Children: Children as young as 4 or 5 can take an active role in planting a simple wildflower garden. When safe and suitable, work with your bare hands rather than tools in order to reap the benefits of soil on the skin. Clear a suitable patch of dirt from weeds and debris. Ensure it will receive lots of sun. Add a layer of fresh topsoil, mix in some compost, and follow the directions on your seed package for planting seeds. Wildflowers grow easily and plentifully, so you shouldn't need to be too careful - sometimes you can just scatter them freely. Water well and with care not to wash away your seeds. Keep to a regular watering routine, wait, and watch as your plot is transformed into a sea of colour! (bonus points for choosing flowers to represent the colours of all 5 Heart-Mind qualities!).
Teens: Appeal to teens' sense of adventure by spending time together in wild nature, such as the mountains or forest. Plan a family hike or an outdoor adventure field trip. During water or rest breaks, encourage youth to get curious about the ground under their feet. What does the soil feel like rubbed between two fingers? Is it grainy like sand? Soft like flour? What about the colour or wetness? Are their pebbles or leaf fragments within it? Living things? This activity is as much a mindfulness exercise as it is a science one.

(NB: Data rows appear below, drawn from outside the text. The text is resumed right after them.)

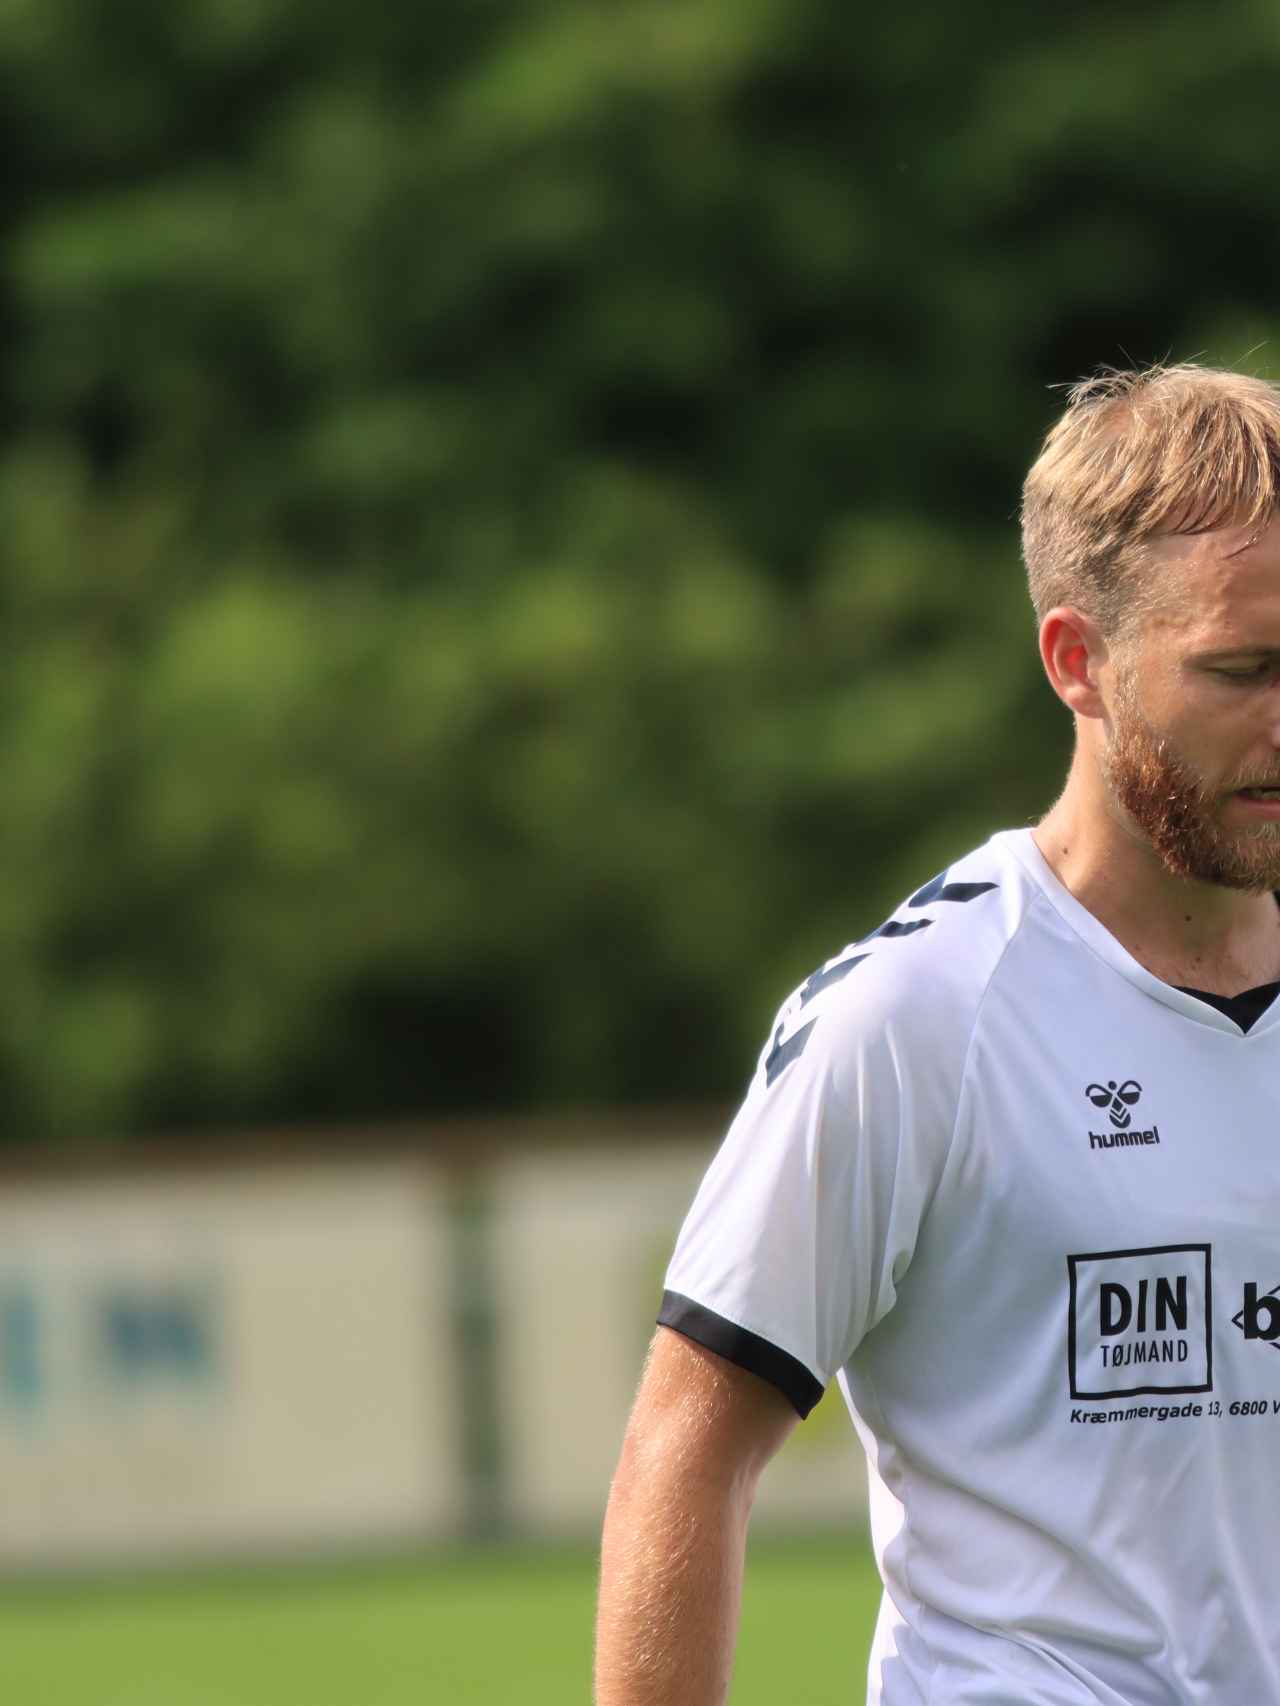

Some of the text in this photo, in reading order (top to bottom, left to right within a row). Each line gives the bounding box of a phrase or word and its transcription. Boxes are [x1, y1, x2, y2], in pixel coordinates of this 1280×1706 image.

[1088, 1126, 1160, 1149] hummel
[1100, 1275, 1188, 1336] DIN
[1100, 1339, 1188, 1367] TØJMAND
[1070, 1402, 1203, 1424] Kræmmergade
[1208, 1401, 1223, 1418] 13,
[1229, 1400, 1267, 1416] 6800

Bring along glass jars or ziplock baggies to take soil samples, label them with the location they were collected from (eg. near a stream, in the alpine, under a thick grove of trees), and bring them back to the home or lab for closer examination.
A 2016 study from Germany found that injecting mice with Mycobacterium vaccae prevented them from experiencing certain negative effects of stress, such as fear- and anxiety- related behaviors, and even colitis. The researchers concluded that this bacterium could potentially be used in the prevention and treatment of anxiety, depression, PTSD, and other disorders that are linked to inflammation.

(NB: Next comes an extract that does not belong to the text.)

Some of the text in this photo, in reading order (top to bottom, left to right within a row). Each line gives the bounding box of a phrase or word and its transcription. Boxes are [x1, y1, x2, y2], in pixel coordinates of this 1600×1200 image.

One way to make mud is by mixing 50% sandbox sand with 50% potting soil, and stirring in enough water to make it moldable.

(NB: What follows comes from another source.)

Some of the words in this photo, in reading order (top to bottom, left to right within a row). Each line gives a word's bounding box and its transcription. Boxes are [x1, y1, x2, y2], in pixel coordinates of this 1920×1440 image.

A 2019 study from the University of Colorado, Boulder, isolated an anti-inflammatory fat produced by the soil bacterium Mycobacterium vaccae and tested it in rodent macrophages (white blood cells), which are a part of the immune system. They found that the fat decreased markers of inflammation. The researchers concluded that bacterially derived anti-inflammatory fats have potential to be used therapeutically to prevent and treat inflammatory disease and stress-related psychiatric disorders that are rooted in immune dysfunction and inflammation.
A 2018 study conducted by researchers in Germany found that healthy young adults (aged 20-40) who had spent their childhoods (until age 15) on a farm that raised farm animals exhibited a reduced inflammatory response to a psychosocial stressor imposed through the experiment than healthy young adults who grew up in an urban area without pets.